In May 2013, a cultural group called “Atenistas” organized an open tour in Kypseli, one of the most densely populated neighbourhoods off-Patision street. The tour was scheduled to end in the premises of a primary school where three “famous Kypseliots” (a poet cum writer, a director and an architect) would deliver speeches about their neighbourhood. Parts of the speech of the established poet and writer Kiki Dimoula became the subject of a bitter public debate due to their xenophobic depictions of the current demography of the neighbourhood and its effects to the lives of “original” Kypseliots. We will hereby translate the most contentious parts of the talk and invite the reader to compare their spirit with that of the taxi-driver’s comment quoted in the very beginning of this section.

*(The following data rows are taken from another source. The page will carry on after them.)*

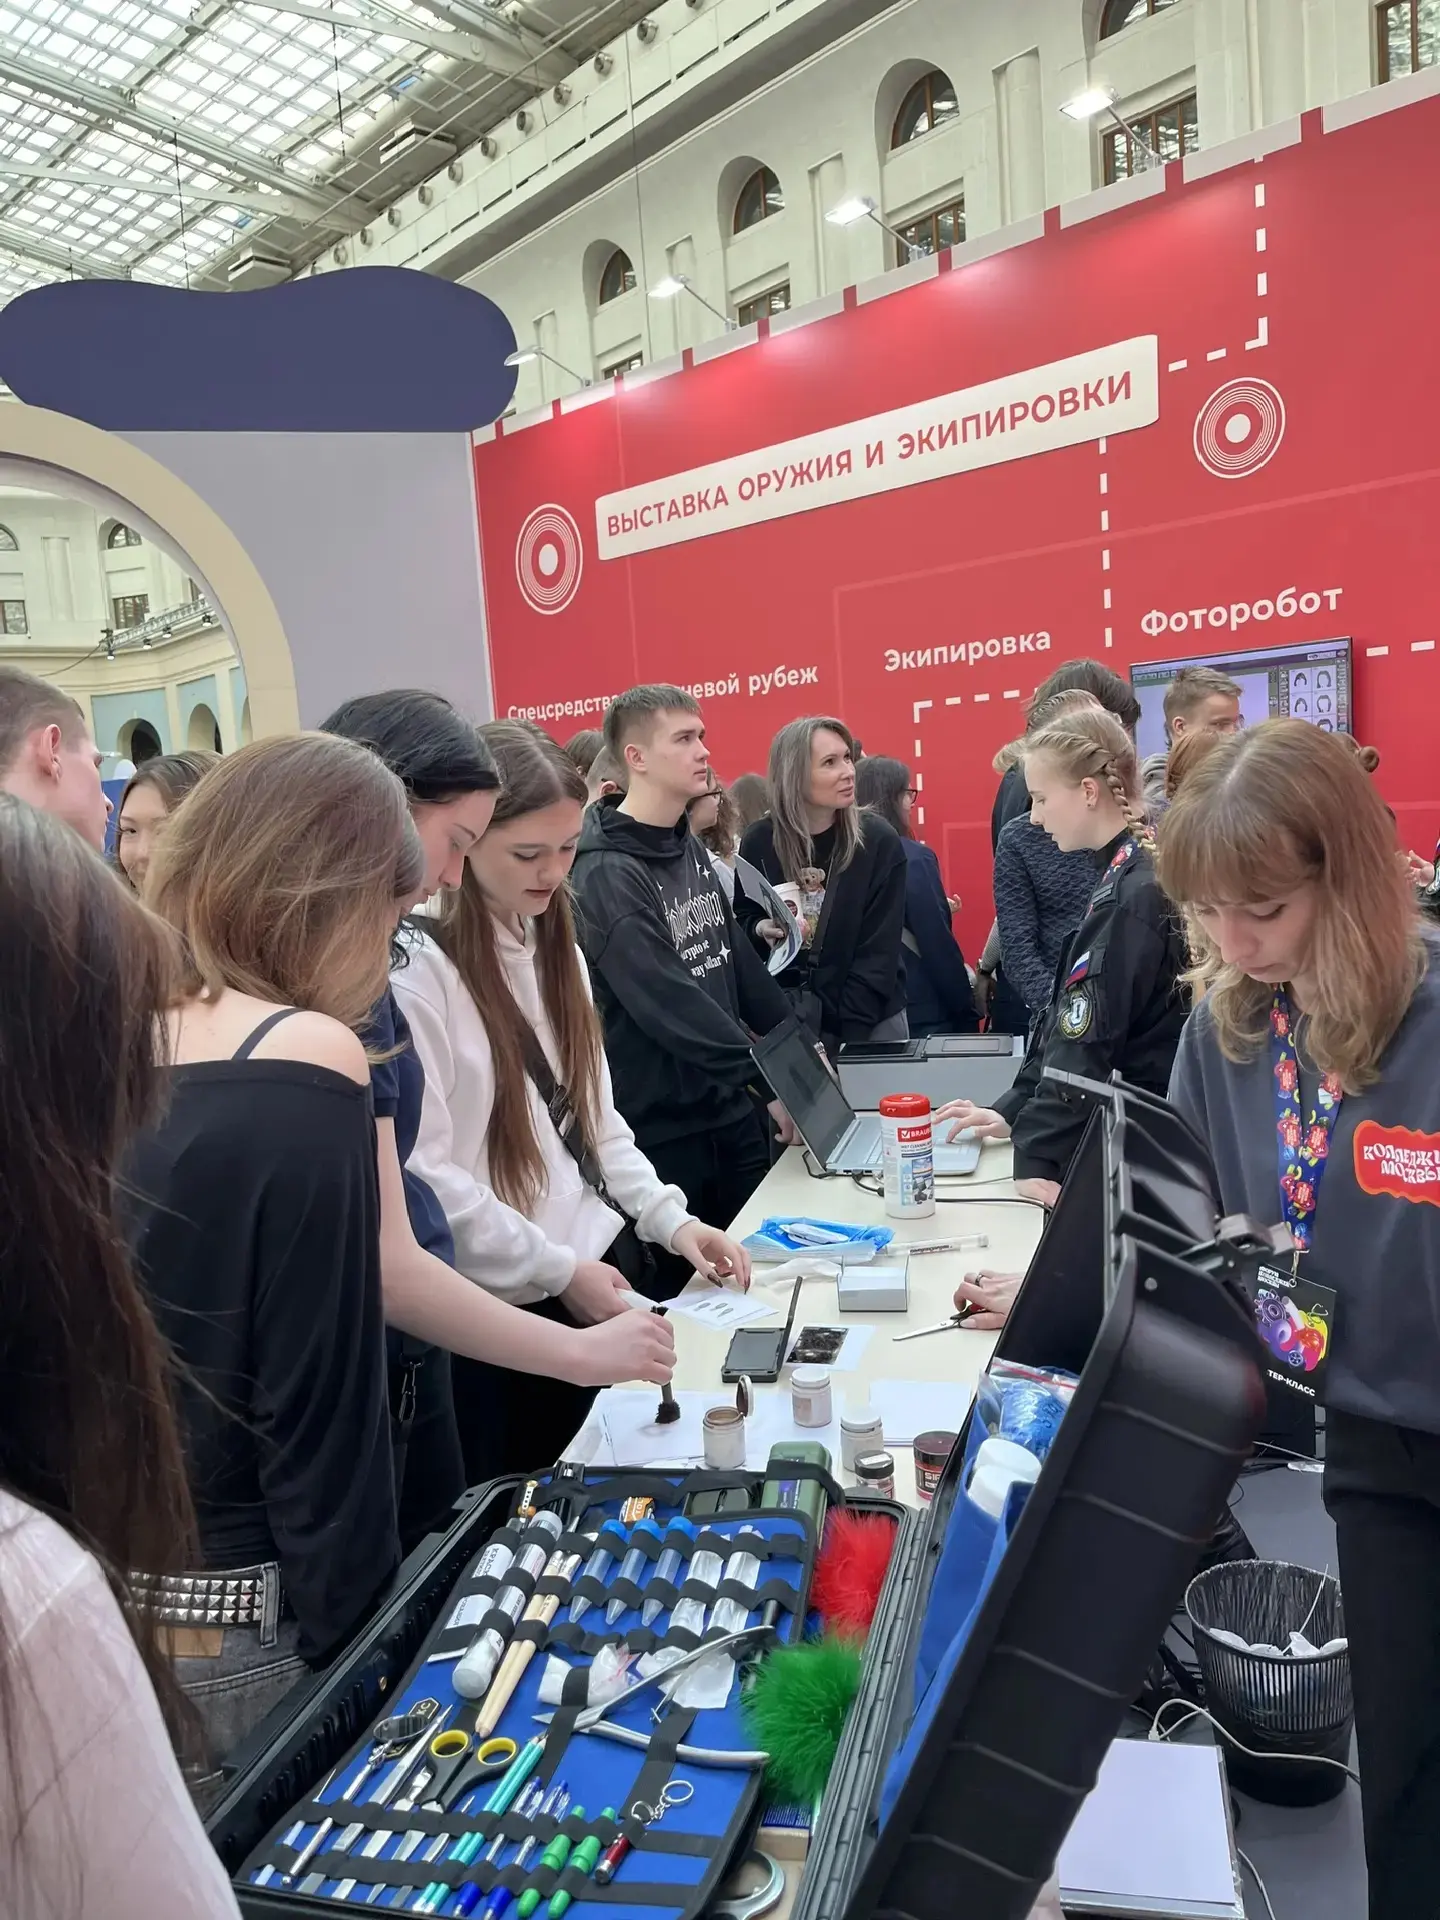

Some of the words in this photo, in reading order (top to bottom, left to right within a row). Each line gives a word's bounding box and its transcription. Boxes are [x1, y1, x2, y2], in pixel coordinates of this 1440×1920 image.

[607, 485, 729, 537] ВЫСТАВКА
[738, 449, 852, 501] ОРУЖИЯ
[865, 440, 884, 469] И
[897, 370, 1132, 460] ЭКИПИРОВКИ
[1140, 586, 1343, 637] Фоторобот
[883, 630, 1051, 673] Экипировка
[748, 664, 819, 697] рубеж
[1267, 1369, 1316, 1397] ТЕР-КЛАСС

I live in Kypseli for 76 years; on the very same street. I have lived through the nice years of Kypseli (ta oraia hronia tis Kypselis) … Pythias’ street, where I lived, was full of beautiful detached houses with gardens, the inhabitants all knew each other. It was very picturesque … I still live here, not entirely reconciled with the changes … Let us not forget that the foreigners, who found themselves here, did so because of the poverty of their countries … But we must state, as well, that they are a constant danger. The locals are in danger of being mugged on the street … 42 Pythias’ street, where my sister lives. She was hospitalised twice. Twice she was beaten by someone outside her door because she could not find her key house quickly enough … Limited cases, yes, but the fear is unlimited. I do not mean to say that the foreigners of Kypseli are burglars. But if one goes to the square, there is no space to walk. Foreign people sit on the benches –naturally, they want to pass the time—and they play some strange card games of their own and the whole place becomes full of little cards. Of course, the Kypseliots have been displaced; this is a fact. Of course we love the foreigners, since they left their countries to come and live here, to work, but the spaces need to be somehow distributed … I have become accustomed to foreigners; accustomed to waking up and seeing them. I have come across many blacks pushing supermarket trolleys … I wish hunger did not exist, I wish all the races of the world were mixed, but here there is a problem now. How are these people [referring to “foreigners”] supposed to sustain themselves? I am really pleased today that I found myself among other Kypseliots. Really pleased.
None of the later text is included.